*ACTIVITY*
Only the lines from the line containing "this 973×973 image." to the end of the entries, both included, belong in your answer, and each must match exactly.

*PROVIDED ENTRIES*
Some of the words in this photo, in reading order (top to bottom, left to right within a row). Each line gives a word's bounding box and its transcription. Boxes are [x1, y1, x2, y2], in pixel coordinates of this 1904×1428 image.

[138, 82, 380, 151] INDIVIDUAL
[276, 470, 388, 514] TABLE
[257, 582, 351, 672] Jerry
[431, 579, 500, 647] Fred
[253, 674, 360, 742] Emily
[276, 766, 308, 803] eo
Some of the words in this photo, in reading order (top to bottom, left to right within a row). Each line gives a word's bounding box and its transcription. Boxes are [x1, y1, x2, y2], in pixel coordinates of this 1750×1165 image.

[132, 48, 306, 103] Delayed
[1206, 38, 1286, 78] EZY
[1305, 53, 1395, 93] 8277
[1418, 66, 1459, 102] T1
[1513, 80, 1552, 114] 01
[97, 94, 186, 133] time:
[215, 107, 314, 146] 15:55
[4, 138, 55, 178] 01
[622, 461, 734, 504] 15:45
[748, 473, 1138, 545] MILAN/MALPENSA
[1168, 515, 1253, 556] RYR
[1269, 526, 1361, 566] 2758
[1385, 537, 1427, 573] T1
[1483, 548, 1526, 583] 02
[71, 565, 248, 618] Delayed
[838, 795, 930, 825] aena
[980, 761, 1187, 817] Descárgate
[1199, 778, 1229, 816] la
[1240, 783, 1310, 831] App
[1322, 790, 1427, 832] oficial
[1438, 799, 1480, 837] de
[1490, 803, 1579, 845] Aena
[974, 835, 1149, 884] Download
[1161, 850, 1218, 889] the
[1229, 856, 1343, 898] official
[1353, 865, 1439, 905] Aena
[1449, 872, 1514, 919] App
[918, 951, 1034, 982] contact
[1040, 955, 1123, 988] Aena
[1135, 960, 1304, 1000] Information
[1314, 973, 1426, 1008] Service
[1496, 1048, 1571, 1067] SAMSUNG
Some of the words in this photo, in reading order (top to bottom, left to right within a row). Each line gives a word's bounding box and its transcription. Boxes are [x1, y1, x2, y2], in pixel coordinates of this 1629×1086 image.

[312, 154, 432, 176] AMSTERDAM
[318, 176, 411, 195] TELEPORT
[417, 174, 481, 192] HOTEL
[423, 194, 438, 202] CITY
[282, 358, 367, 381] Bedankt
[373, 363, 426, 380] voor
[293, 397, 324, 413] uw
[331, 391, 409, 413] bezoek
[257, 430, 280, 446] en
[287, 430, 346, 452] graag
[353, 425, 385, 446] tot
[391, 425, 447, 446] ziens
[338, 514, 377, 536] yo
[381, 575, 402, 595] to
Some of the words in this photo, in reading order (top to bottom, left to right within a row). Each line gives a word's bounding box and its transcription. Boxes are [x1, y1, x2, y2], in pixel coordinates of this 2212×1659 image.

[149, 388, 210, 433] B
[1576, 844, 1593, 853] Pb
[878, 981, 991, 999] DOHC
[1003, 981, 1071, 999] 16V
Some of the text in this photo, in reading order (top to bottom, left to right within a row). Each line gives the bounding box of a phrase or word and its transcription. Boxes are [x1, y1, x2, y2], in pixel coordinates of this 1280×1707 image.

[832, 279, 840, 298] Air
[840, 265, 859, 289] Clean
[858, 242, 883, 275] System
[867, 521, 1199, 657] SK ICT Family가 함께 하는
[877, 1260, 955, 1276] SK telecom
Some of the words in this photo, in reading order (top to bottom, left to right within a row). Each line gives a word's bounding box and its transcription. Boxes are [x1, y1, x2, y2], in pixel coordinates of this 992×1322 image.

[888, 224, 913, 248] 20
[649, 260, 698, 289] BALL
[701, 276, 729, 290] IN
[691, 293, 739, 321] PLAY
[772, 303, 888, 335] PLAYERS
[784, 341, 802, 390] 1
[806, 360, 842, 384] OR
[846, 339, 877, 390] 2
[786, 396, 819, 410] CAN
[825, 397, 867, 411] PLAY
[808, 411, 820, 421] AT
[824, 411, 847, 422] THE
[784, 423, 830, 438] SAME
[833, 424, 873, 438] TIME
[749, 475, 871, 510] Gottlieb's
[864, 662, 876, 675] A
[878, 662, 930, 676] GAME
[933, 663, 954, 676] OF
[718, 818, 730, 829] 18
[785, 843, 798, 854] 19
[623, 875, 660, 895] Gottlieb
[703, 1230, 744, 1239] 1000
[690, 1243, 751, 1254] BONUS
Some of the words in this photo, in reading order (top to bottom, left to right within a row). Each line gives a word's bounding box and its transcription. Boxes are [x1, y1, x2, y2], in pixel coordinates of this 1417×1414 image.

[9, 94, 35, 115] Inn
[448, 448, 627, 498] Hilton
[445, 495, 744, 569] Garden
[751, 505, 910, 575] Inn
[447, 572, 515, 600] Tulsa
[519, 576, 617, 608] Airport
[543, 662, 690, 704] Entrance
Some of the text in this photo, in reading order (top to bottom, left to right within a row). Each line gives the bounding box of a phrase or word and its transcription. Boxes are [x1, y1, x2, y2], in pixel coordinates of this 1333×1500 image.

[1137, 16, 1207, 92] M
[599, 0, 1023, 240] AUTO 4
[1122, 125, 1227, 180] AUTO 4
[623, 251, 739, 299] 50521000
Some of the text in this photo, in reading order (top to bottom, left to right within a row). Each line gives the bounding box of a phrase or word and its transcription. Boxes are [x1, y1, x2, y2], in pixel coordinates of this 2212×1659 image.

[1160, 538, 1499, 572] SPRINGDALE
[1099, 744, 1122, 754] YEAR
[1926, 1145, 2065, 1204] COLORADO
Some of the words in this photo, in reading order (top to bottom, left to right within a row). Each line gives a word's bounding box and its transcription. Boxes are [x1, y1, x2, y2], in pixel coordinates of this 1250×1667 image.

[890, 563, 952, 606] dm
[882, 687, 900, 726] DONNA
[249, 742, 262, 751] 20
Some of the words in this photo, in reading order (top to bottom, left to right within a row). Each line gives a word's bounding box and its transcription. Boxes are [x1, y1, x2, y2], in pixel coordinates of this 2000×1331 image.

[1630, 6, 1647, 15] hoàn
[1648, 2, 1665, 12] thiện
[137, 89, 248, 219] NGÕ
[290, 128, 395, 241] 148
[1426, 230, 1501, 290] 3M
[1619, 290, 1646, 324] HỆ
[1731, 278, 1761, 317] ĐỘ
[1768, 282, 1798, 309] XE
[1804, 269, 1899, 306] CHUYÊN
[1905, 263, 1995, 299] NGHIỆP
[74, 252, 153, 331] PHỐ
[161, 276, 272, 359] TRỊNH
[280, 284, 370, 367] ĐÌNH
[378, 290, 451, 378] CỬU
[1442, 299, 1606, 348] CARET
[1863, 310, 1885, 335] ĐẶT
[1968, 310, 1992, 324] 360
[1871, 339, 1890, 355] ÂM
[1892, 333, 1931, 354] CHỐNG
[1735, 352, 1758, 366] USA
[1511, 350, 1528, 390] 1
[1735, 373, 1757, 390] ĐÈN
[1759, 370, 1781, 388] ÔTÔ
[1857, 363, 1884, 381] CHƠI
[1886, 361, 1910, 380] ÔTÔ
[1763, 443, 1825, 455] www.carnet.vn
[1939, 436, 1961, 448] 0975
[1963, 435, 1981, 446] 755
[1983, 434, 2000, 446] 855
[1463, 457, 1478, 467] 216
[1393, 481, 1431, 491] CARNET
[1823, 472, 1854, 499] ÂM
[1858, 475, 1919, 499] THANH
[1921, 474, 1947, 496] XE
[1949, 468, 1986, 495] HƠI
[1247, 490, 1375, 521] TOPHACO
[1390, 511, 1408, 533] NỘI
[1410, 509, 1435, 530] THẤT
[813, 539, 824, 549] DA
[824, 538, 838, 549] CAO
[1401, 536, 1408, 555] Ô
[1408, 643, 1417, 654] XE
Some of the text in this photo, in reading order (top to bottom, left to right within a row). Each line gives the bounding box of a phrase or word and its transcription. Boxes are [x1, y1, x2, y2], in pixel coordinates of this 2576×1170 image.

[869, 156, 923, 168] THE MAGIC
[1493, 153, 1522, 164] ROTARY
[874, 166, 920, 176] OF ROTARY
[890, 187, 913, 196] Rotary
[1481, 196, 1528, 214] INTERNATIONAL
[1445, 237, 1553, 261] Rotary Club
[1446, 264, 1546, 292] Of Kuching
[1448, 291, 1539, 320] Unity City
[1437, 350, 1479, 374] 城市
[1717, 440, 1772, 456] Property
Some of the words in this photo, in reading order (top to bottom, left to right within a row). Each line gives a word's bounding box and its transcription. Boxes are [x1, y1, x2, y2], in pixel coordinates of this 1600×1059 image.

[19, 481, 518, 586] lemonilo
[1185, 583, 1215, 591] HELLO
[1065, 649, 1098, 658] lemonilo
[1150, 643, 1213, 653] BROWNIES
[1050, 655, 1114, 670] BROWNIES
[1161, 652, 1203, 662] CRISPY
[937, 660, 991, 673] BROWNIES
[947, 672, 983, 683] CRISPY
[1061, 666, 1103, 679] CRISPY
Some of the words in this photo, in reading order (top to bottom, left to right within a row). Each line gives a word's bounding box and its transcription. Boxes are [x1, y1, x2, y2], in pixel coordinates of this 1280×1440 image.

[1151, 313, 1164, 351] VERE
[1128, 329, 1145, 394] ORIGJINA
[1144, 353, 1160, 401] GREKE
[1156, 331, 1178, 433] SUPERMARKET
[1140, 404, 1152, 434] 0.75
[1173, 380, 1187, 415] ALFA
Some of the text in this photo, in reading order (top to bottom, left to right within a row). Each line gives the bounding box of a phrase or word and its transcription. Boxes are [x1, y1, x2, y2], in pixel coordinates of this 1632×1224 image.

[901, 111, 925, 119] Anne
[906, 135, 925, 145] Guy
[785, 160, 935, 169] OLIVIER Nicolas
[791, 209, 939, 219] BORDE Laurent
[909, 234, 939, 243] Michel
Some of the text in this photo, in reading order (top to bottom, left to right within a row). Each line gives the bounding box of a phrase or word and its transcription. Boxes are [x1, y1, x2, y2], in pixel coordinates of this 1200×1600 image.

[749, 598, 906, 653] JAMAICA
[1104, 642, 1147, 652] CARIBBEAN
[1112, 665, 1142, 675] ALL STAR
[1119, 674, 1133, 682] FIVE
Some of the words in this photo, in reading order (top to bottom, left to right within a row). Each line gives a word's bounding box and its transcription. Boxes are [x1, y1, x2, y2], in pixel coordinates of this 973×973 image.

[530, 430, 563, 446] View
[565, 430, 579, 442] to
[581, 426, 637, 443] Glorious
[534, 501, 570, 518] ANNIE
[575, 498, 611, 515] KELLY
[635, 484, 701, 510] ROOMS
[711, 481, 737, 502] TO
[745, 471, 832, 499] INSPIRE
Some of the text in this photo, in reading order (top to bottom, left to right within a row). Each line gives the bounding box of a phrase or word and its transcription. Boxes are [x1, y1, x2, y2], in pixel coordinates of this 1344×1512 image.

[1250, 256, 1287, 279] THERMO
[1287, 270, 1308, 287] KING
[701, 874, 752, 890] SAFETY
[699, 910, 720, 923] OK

*RESULT FOR THIS EXERCISE*
Some of the words in this photo, in reading order (top to bottom, left to right within a row). Each line gives a word's bounding box and its transcription. Boxes are [x1, y1, x2, y2], in pixel coordinates of this 973×973 image.

[530, 430, 563, 446] View
[565, 430, 579, 442] to
[581, 426, 637, 443] Glorious
[534, 501, 570, 518] ANNIE
[575, 498, 611, 515] KELLY
[635, 484, 701, 510] ROOMS
[711, 481, 737, 502] TO
[745, 471, 832, 499] INSPIRE
Some of the text in this photo, in reading order (top to bottom, left to right within a row). Each line gives the bounding box of a phrase or word and its transcription. Boxes are [x1, y1, x2, y2], in pixel coordinates of this 1344×1512 image.

[1250, 256, 1287, 279] THERMO
[1287, 270, 1308, 287] KING
[701, 874, 752, 890] SAFETY
[699, 910, 720, 923] OK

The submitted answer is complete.